The effectiveness of Recurrent Neural Networks (RNNs) for tasks such as Automatic Speech Recognition has fostered interest in RNN inference acceleration. Due to the recurrent nature and data dependencies of RNN computations, prior work has designed customized architectures specifically tailored to the computation pattern of RNN, getting high computation efficiency for certain chosen model sizes. However, given that the dimensionality of RNNs varies a lot for different tasks, it is crucial to generalize this efficiency to diverse configurations. In this work, we identify adaptiveness as a key feature that is missing from today's RNN accelerators. In particular, we first show the problem of low resource-utilization and low adaptiveness for the state-of-the-art RNN implementations on GPU, FPGA and ASIC architectures. To solve these issues, we propose an intelligent tiled-based dispatching mechanism for increasing the adaptiveness of RNN computation, in order to efficiently handle the data dependencies. To do so, we propose Sharp as a hardware accelerator, which pipelines RNN computation using an effective scheduling scheme to hide most of the dependent serialization. Furthermore, Sharp employs dynamic reconfigurable architecture to adapt to the model's characteristics. Sharp achieves 2x, 2.8x, and 82x speedups on average, considering different RNN models and resource budgets, compared to the state-of-the-art ASIC, FPGA, and GPU implementations, respectively. Furthermore, we provide significant energy-reduction with respect to the previous solutions, due to the low power dissipation of Sharp (321 GFLOPS/Watt).

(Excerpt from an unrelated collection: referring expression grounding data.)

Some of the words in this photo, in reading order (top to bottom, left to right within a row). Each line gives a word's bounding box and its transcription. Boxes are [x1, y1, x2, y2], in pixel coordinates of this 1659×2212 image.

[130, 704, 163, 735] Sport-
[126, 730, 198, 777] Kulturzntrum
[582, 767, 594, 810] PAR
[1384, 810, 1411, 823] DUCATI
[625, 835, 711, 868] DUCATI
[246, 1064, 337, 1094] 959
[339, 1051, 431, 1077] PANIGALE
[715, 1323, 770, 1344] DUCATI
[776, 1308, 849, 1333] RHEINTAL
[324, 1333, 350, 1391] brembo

翻译：循环神经网络（RNN）在自动语音识别等任务中的有效性引发了对其推理加速的研究兴趣。由于RNN计算的循环特性和数据依赖关系，先前的工作设计了专门针对RNN计算模式的定制化架构，从而在特定模型规模下获得了高计算效率。然而，鉴于不同任务中RNN的维度差异很大，将这些效率推广到多样化的配置中至关重要。在本工作中，我们识别出适应性是当前RNN加速器所缺失的关键特性。具体而言，我们首先展示了在GPU、FPGA和ASIC架构上最先进的RNN实现所存在的资源利用率低和适应性差的问题。为解决这些问题，我们提出了一种基于智能分块的调度机制，以提高RNN计算的适应性，从而高效处理数据依赖关系。为此，我们设计了硬件加速器Sharp，它采用有效的调度方案对RNN计算进行流水线处理，以隐藏大部分依赖序列化。此外，Sharp采用动态可重构架构以适应模型特性。与最先进的ASIC、FPGA和GPU实现相比，Sharp在不同RNN模型和资源预算下平均实现了2倍、2.8倍和82倍的加速。同时，由于Sharp的低功耗特性（321 GFLOPS/W），与先前解决方案相比，我们实现了显著的能耗降低。